Omit the images, then repeat the listing exactly.

•••••

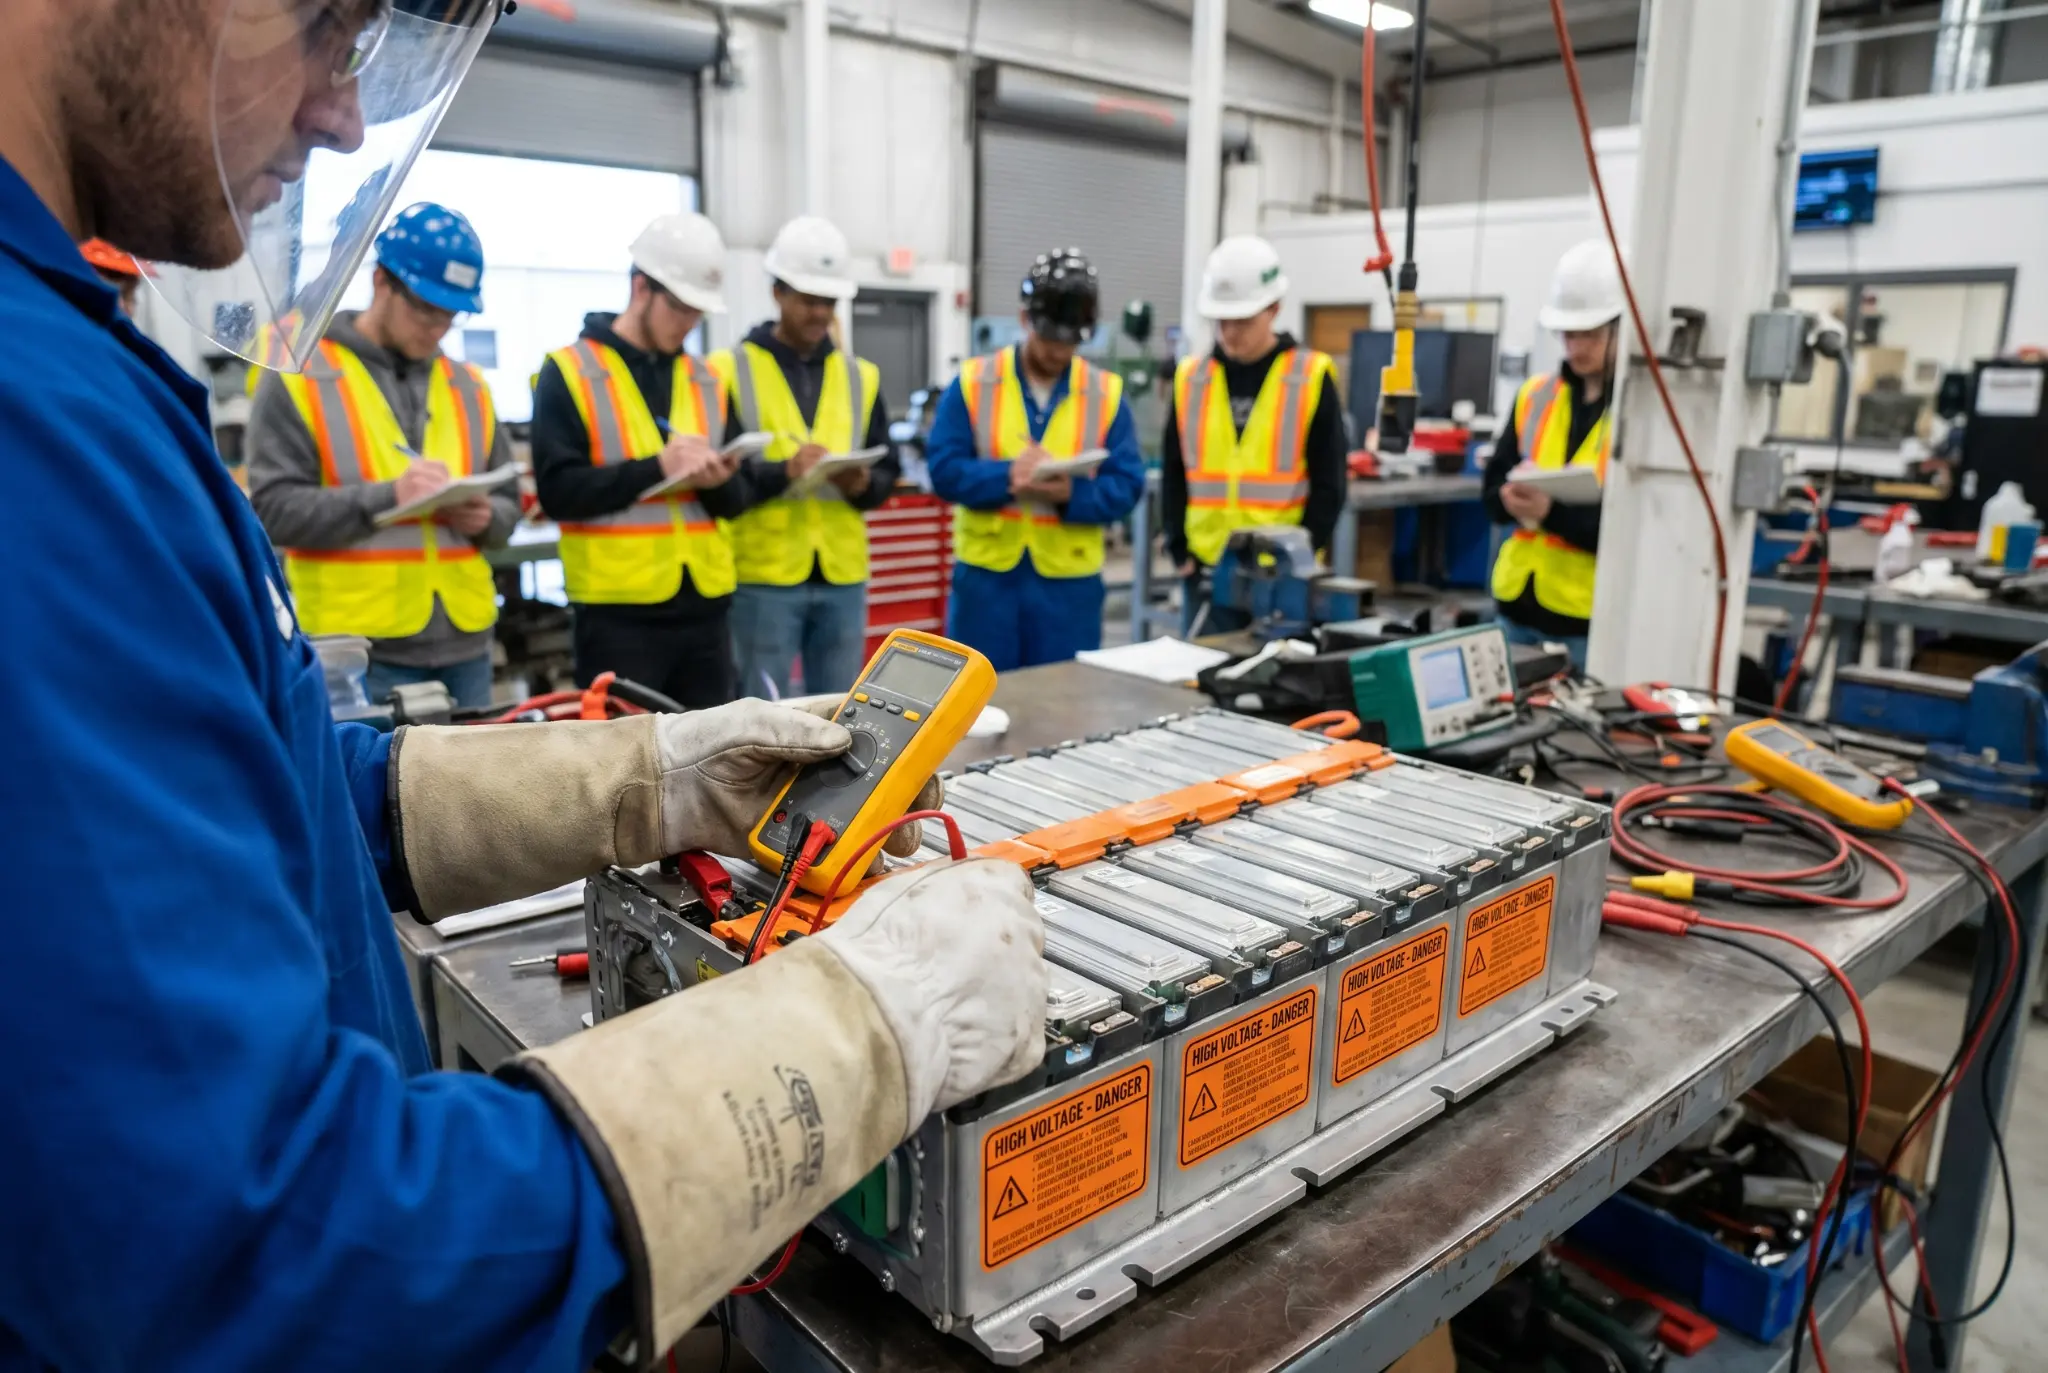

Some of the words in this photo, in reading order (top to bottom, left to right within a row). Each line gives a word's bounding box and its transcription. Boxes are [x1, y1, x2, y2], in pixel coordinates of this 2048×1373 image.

[1490, 897, 1519, 922] VOLTAGE
[1371, 952, 1405, 981] VOLTAGE
[1411, 935, 1442, 962] DANGER
[1192, 1040, 1218, 1066] HIGH
[1221, 1019, 1263, 1053] VOLTAGE
[1271, 998, 1309, 1030] DANGER
[995, 1128, 1026, 1158] HIGH
[1030, 1101, 1084, 1141] VOLTAGE
[1095, 1075, 1141, 1112] DANGER
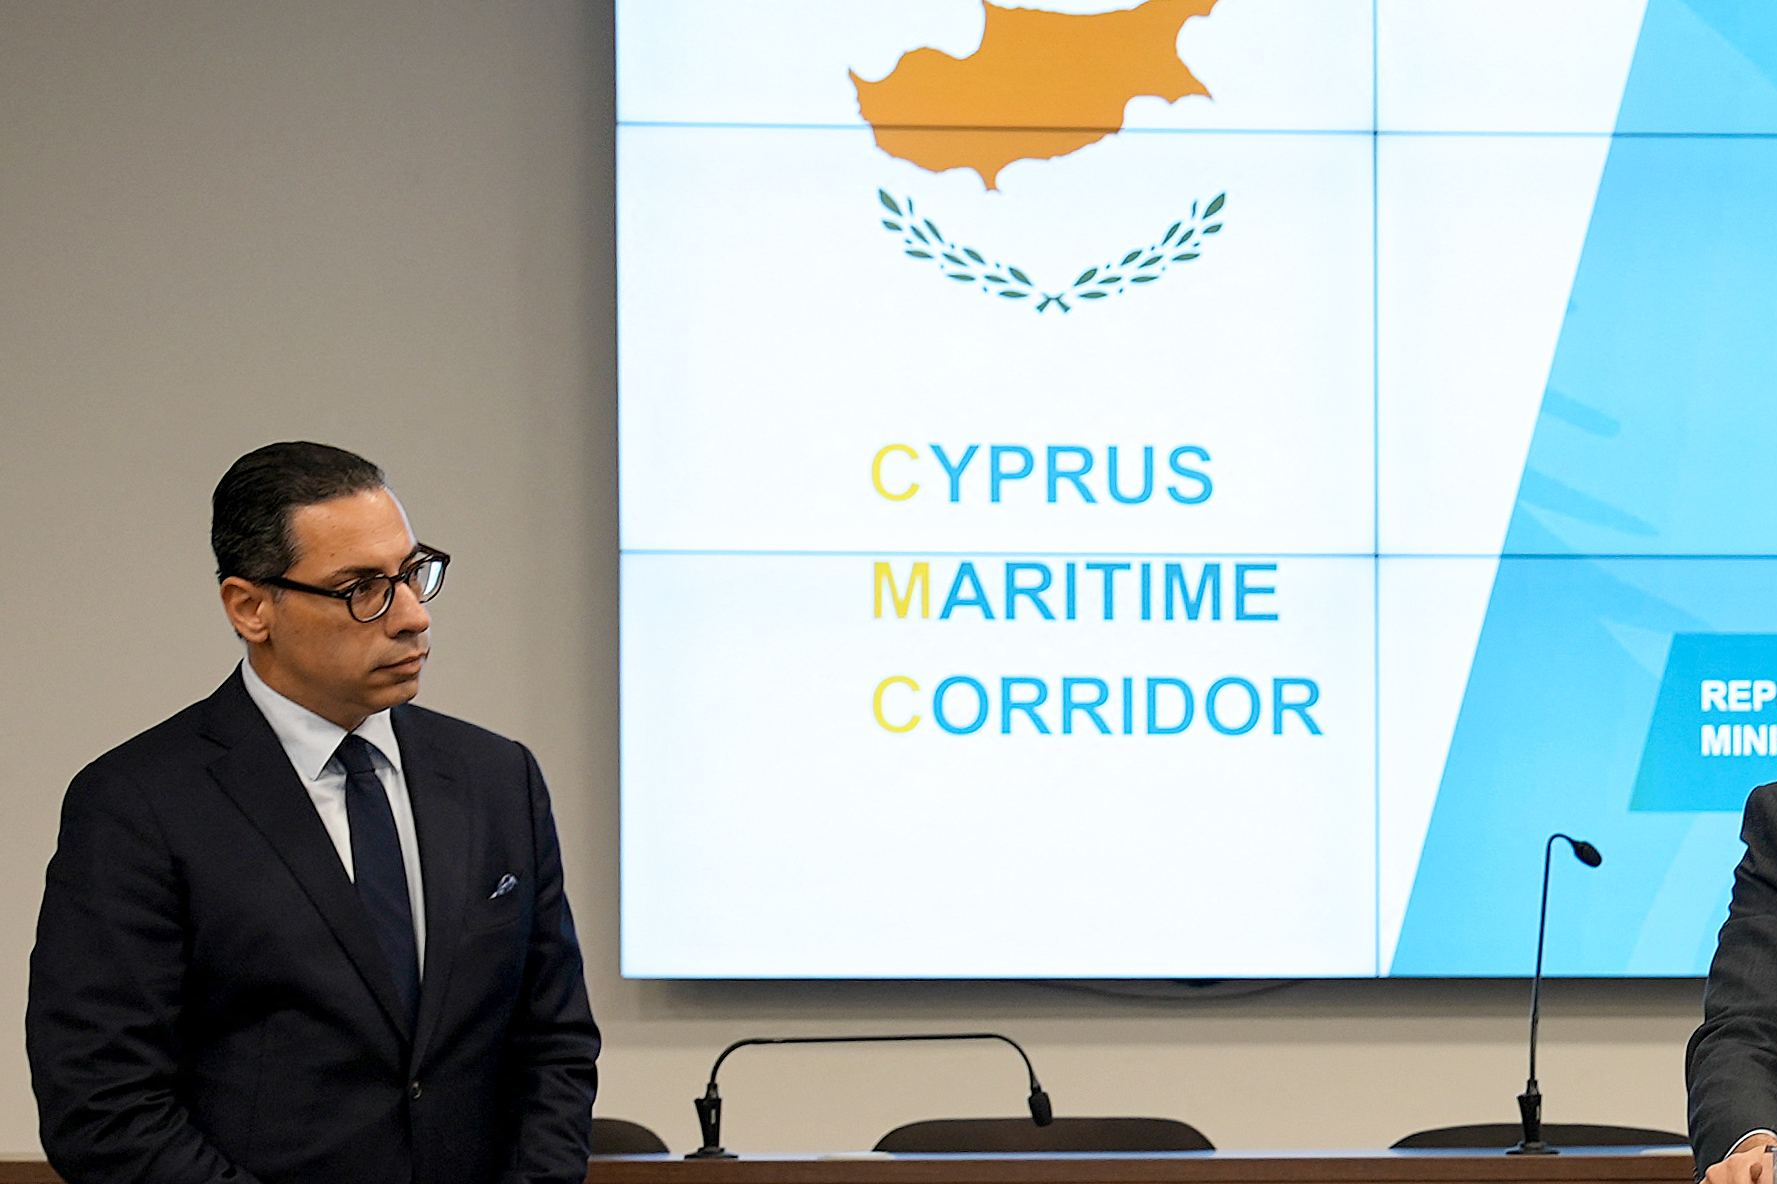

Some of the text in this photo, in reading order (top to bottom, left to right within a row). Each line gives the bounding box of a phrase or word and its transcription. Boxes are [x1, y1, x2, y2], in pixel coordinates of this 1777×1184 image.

[871, 443, 1214, 505] CYPRUS
[872, 561, 1280, 622] MARITIME
[872, 675, 1324, 736] CORRIDOR
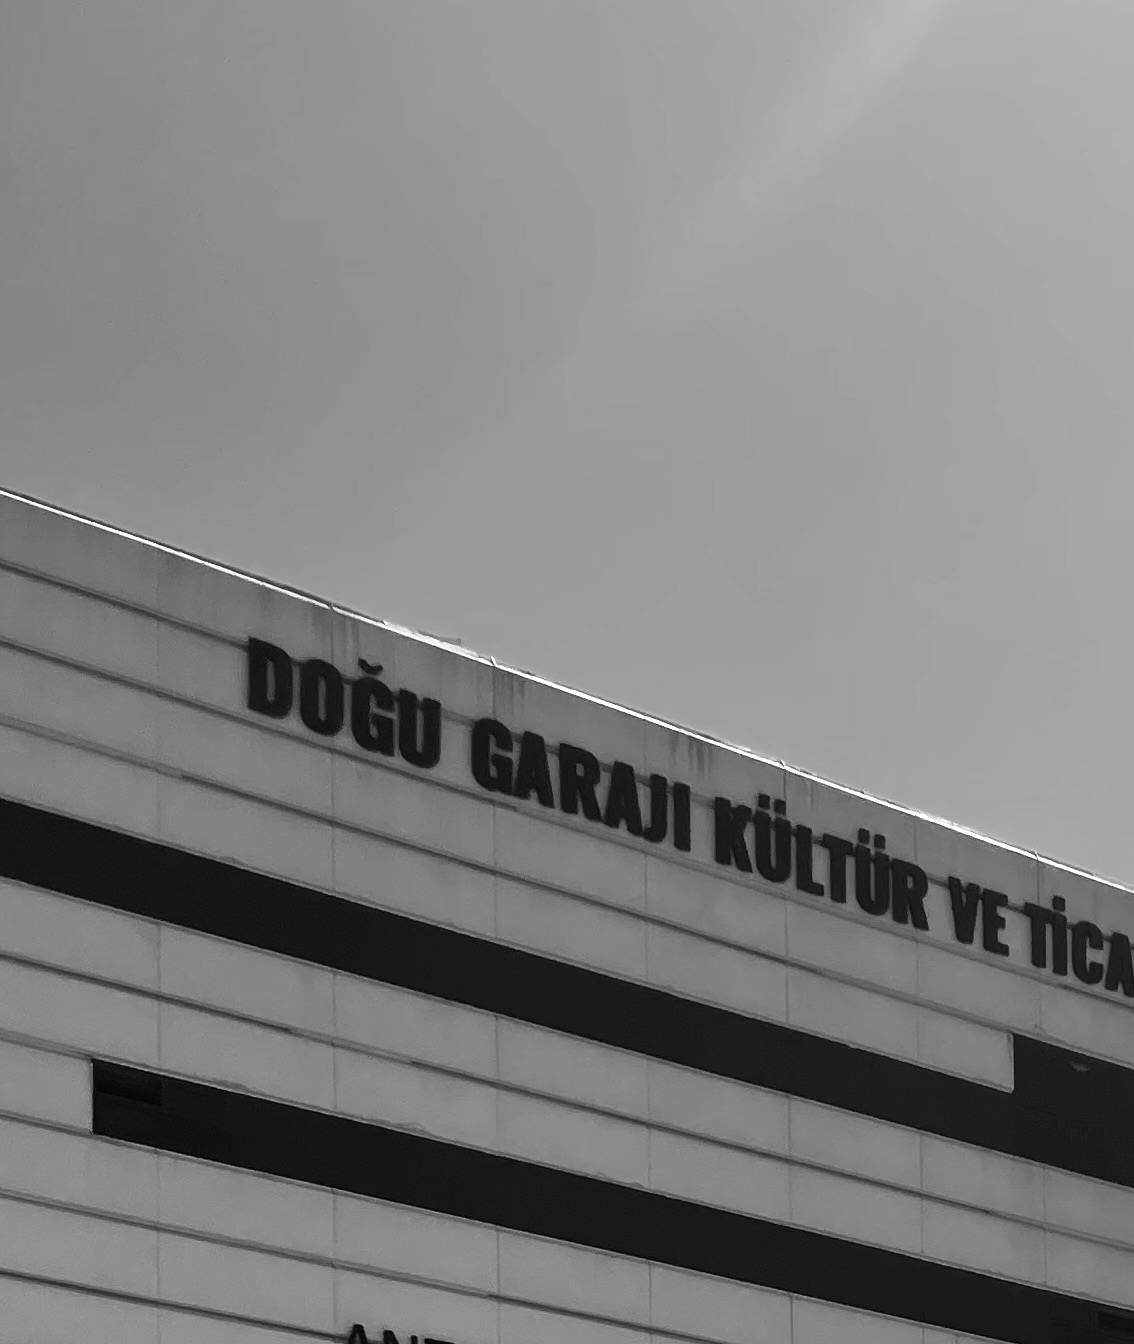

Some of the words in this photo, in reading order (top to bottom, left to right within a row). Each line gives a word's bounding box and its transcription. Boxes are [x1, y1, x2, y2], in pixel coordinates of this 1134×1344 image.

•••••

> [YOUR SOLUTION]
Some of the words in this photo, in reading order (top to bottom, left to right within a row). Each line gives a word's bounding box and its transcription. Boxes are [x1, y1, x2, y2], in pixel coordinates of this 2048×1373 image.

[1490, 897, 1519, 922] VOLTAGE
[1371, 952, 1405, 981] VOLTAGE
[1411, 935, 1442, 962] DANGER
[1192, 1040, 1218, 1066] HIGH
[1221, 1019, 1263, 1053] VOLTAGE
[1271, 998, 1309, 1030] DANGER
[995, 1128, 1026, 1158] HIGH
[1030, 1101, 1084, 1141] VOLTAGE
[1095, 1075, 1141, 1112] DANGER

Some of the text in this photo, in reading order (top to bottom, left to right within a row). Each line gives the bounding box of a phrase or word and its transcription. Boxes are [x1, y1, x2, y2], in pixel coordinates of this 1777×1184 image.

[871, 443, 1214, 505] CYPRUS
[872, 561, 1280, 622] MARITIME
[872, 675, 1324, 736] CORRIDOR

Some of the words in this photo, in reading order (top to bottom, left to right within a row). Each line gives a word's bounding box and its transcription. Boxes are [x1, y1, x2, y2], in pixel coordinates of this 1134×1344 image.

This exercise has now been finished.